Can you provide some color on tenant demand you're seeing? I mean, I know in the beginning of the year, in the middle of the year, a lot of the demand - or Amazon specifically has been extremely active. And have you seen or do you expect to see that tenant interest broaden out more meaningfully as we move into 2021?
Yes, let me start it, then Mike can give you more color. But we think demand is pretty broad, I mean, sure e-commerce gets a lot of the headlines because on the margin that is the source of new demand, but there is plenty of demand from other sectors that continues and forms a strong base. And within the e-commerce sector, of course, Amazon is the biggest player, so they get a lot of play. But remember, Amazon is more in change of our total ABR and there are lots of other tenants that are doing well. In fact, I would say everybody is pretty much doing well with the exception of the uses that support hospitality like convention, exhibition, people, and things of that nature. The rest of the market is pretty strong. Mike, you want to provide more color on that?
Yes, let's look at it in traditional leasing and in build-to-suits. On the leasing front, their fourth-quarter performance sort of normalized compared to typical Amazon numbers with us after robust Amazon activity in the second and third quarters. But the message there is, there's plenty of other companies' broad base that are driving traditional e-com leasing and I think that speaks to the philosophy going forward. And then on the build-to-suit side, yes, Amazon was very active. We did six build-to-suits with them in the quarter and call it 10 for the year out of 28. However, there was a ton of restructuring well underway with the home improvement folks, food and beverage, healthcare, well underway with restructuring pre-COVID. Perhaps they took a couple of months pause during COVID but man they're coming back with a vengeance and marching forward with those restructurings. So while we'll see plenty of Amazon, I am really encouraged by the other uses. We just signed a big lease with Kraft about a month ago, and working with a ton of brand names next year, we'll be happy to talk more about.
Operator
Your next question comes from the line of Craig Mailman with KeyBanc Capital Markets. Please proceed with your question.
Maybe a follow-up to an earlier question, but I think last year we were talking about the cadence potentially of development stabilizations given kind of the buildup of starts in the resurgence there. And I'm just kind of curious, it looks, year-over-year like that pace of stabilizations is expected to slow. Is there something going on there that changed that outlook?
Well, the only thing I can think of is that we deferred some starts immediately when COVID hit because we didn't know what kind of environment we were in. But we've essentially restarted most if not all of those things and will be restarting them. So I think we just got that pushed out, but the volume that's behind it is very significant. So I would say the total level of stabilizations will be increased in the next couple of years beyond what it would have been and what our expectations would have been certainly at the beginning of COVID. But I would say even more than our expectations at the beginning of last year prior to COVID.
Operator
Your next question comes from the line of Tom Catherwood with BTIG. Let's proceed with your question.

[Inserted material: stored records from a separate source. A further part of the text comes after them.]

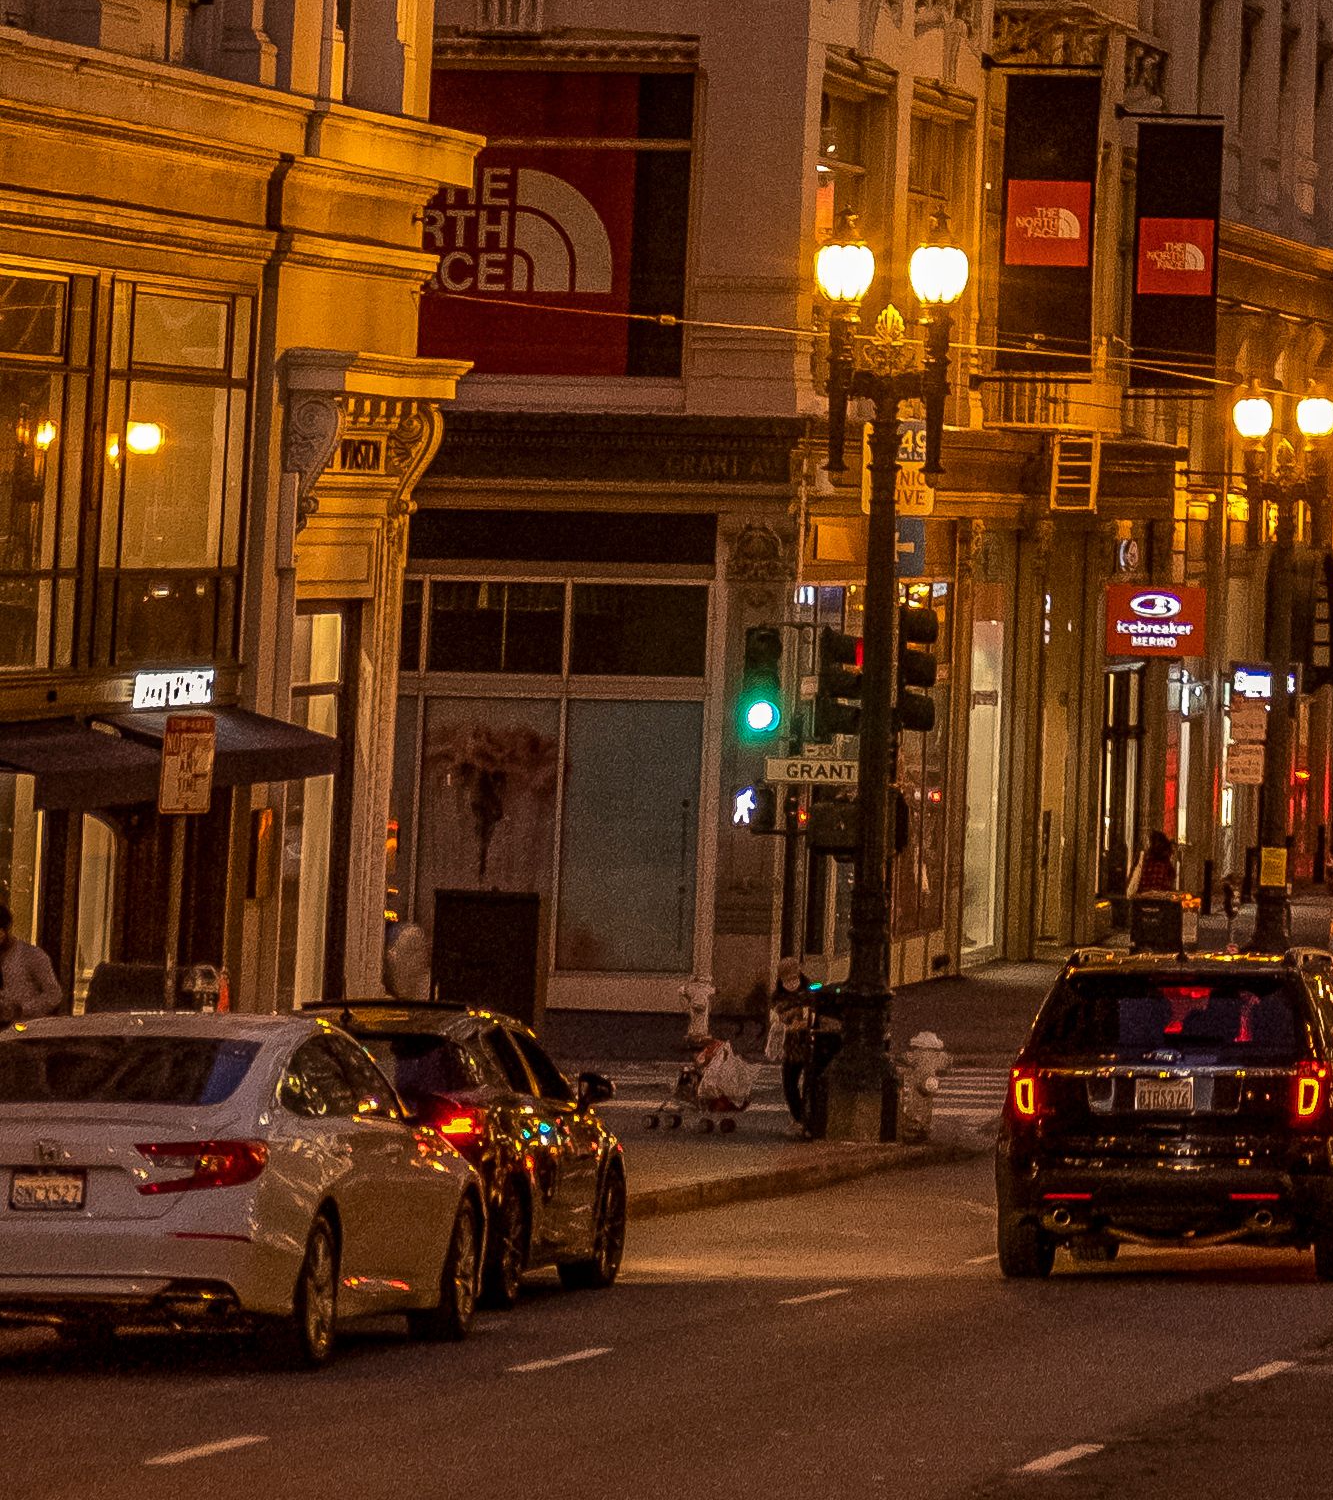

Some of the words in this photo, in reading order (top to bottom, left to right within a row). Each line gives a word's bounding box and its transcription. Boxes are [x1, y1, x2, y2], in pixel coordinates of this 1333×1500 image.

[1034, 207, 1059, 218] THE
[1015, 216, 1058, 228] NORTH
[1025, 227, 1059, 238] FACE
[1163, 242, 1187, 252] THE
[1146, 250, 1186, 261] NORTH
[1116, 620, 1194, 637] icebreaker
[1131, 636, 1177, 648] MERINO
[785, 762, 856, 779] GRANT
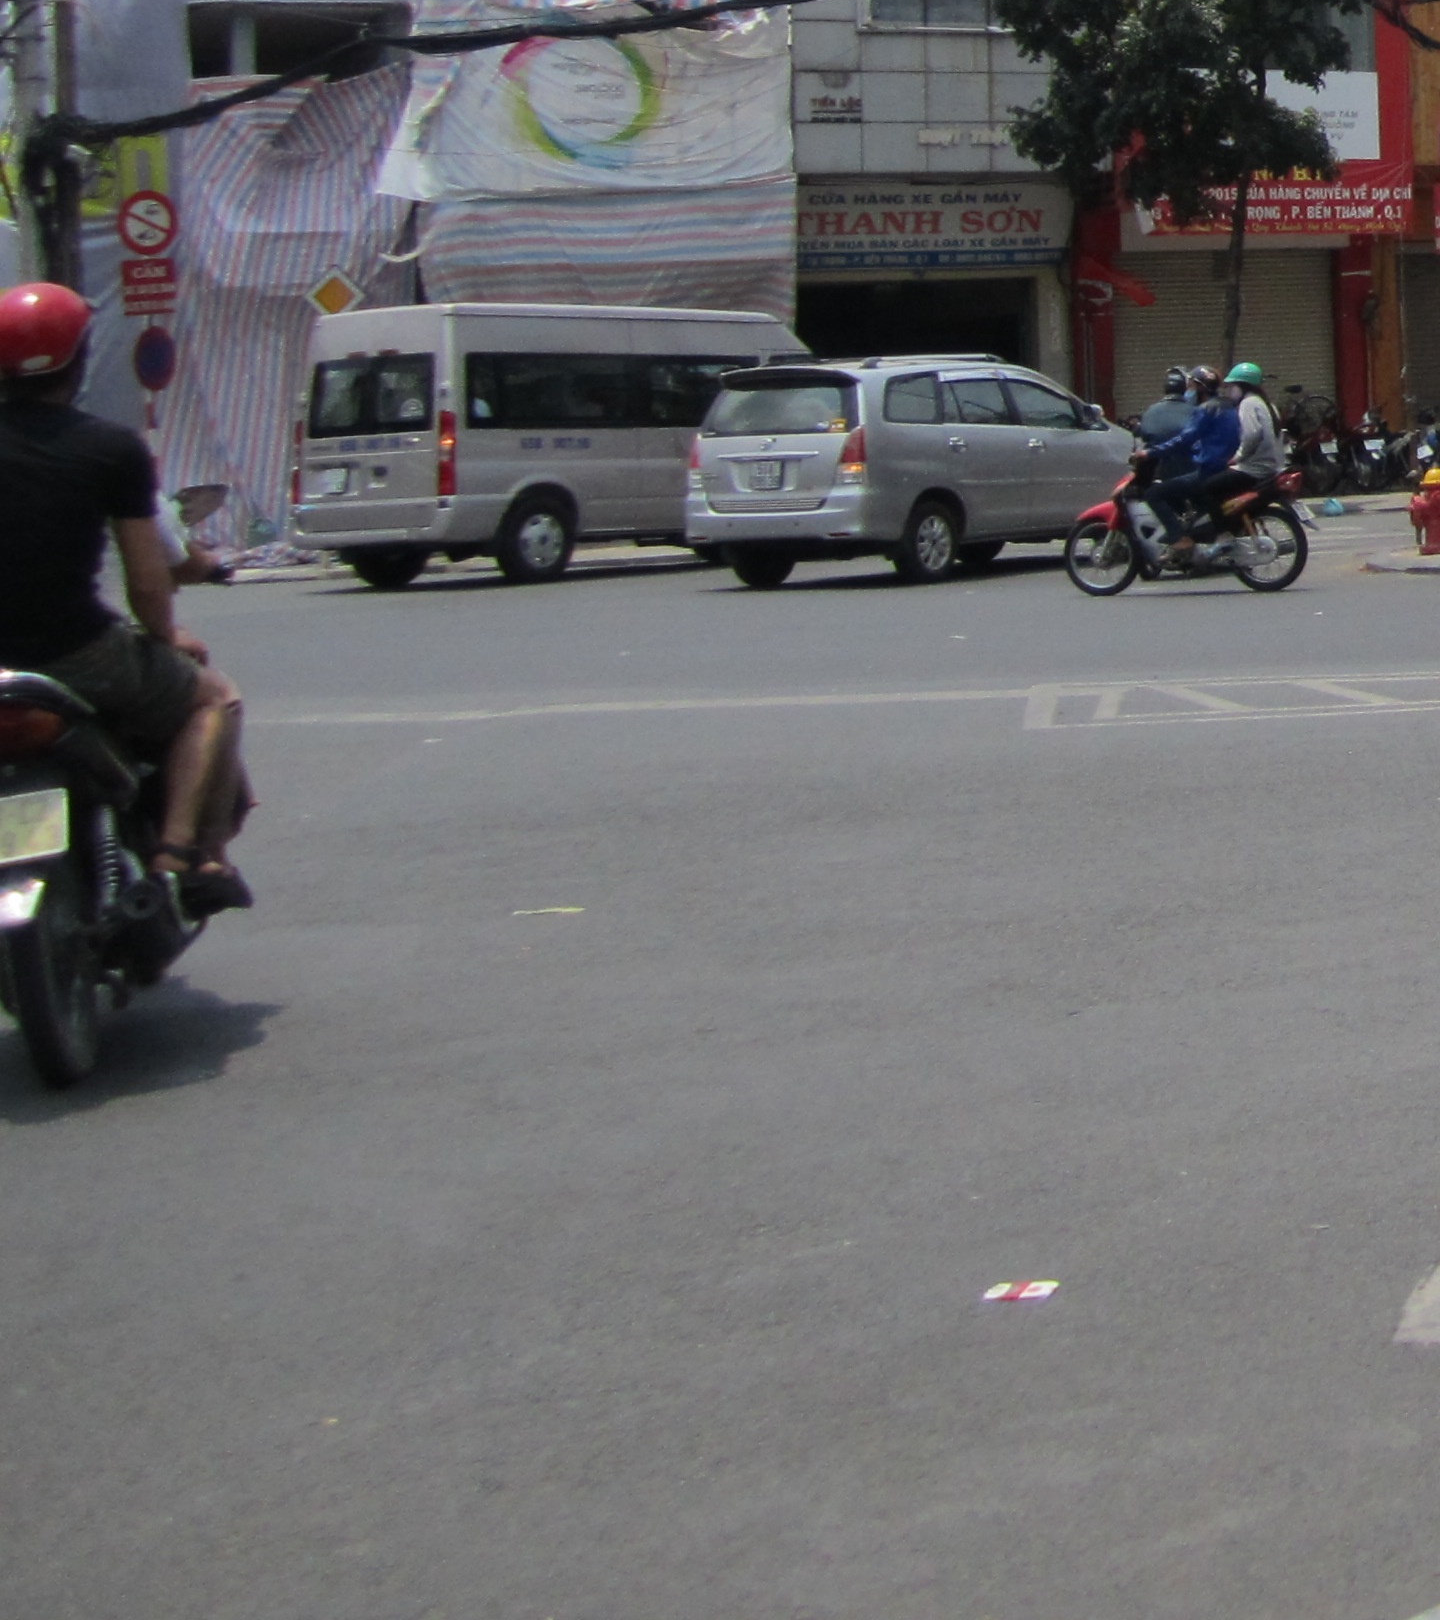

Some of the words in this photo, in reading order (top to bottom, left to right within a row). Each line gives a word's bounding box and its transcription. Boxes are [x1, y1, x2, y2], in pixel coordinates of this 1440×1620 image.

[808, 191, 846, 205] CỬA
[853, 190, 905, 205] HÀNG
[911, 193, 933, 205] XE
[1269, 181, 1301, 200] HÀNG
[960, 204, 1045, 234] SƠN
[1306, 201, 1332, 219] BẾN
[1335, 201, 1375, 219] THÀNH

I want to go back to something Chris had mentioned about above-average rent growth for last touch assets, which makes a lot of sense. Obviously, we understand the supply-constrained nature of industrial markets in major cities, but it seems like nowadays every real estate developer is an industrial developer, and especially in New York City. We're seeing a big jump in infill industrial projects. Could this jump in development activity create a supply-demand imbalance and potentially put the brakes on rent growth for some of your last touch assets?
It could, but I think what's going on in New York and elsewhere is that there is a lot of price discovery; nobody really knows what the ability to pay is for some of these customers. In all of these locations, we underestimated the rental value. So at least for the time being, all the price discovery has been good. The other thing you should take into account is that in these infill locations, you've got a lot of developers, but you're not going to have a lot more land or buildings that can be rehabilitated. So I think you'll see it in terms of pressure on pricing of those assets, more than you would see on absolute supply because the supply is pretty inelastic and will show up in price.
Operator
Your next question comes from the line of Blaine Heck with Wells Fargo. Please proceed with your question.
I was hoping to get a little bit more color on the investment sales market and your interest in acquisitions. There have been several large portfolios in the U.S. specifically that have traded either in the second half of last year or early on this year and I know you guys typically are looking at anything sizable that hits the market. So without getting into specifics, unless you want to, can you just talk about what kept you on the sidelines in these situations with the pricing and underwriting being stretched? Is it more of the geographic footprint that just doesn't overlap enough or maybe it's just your focus on more on development at this point? Any color there would be helpful.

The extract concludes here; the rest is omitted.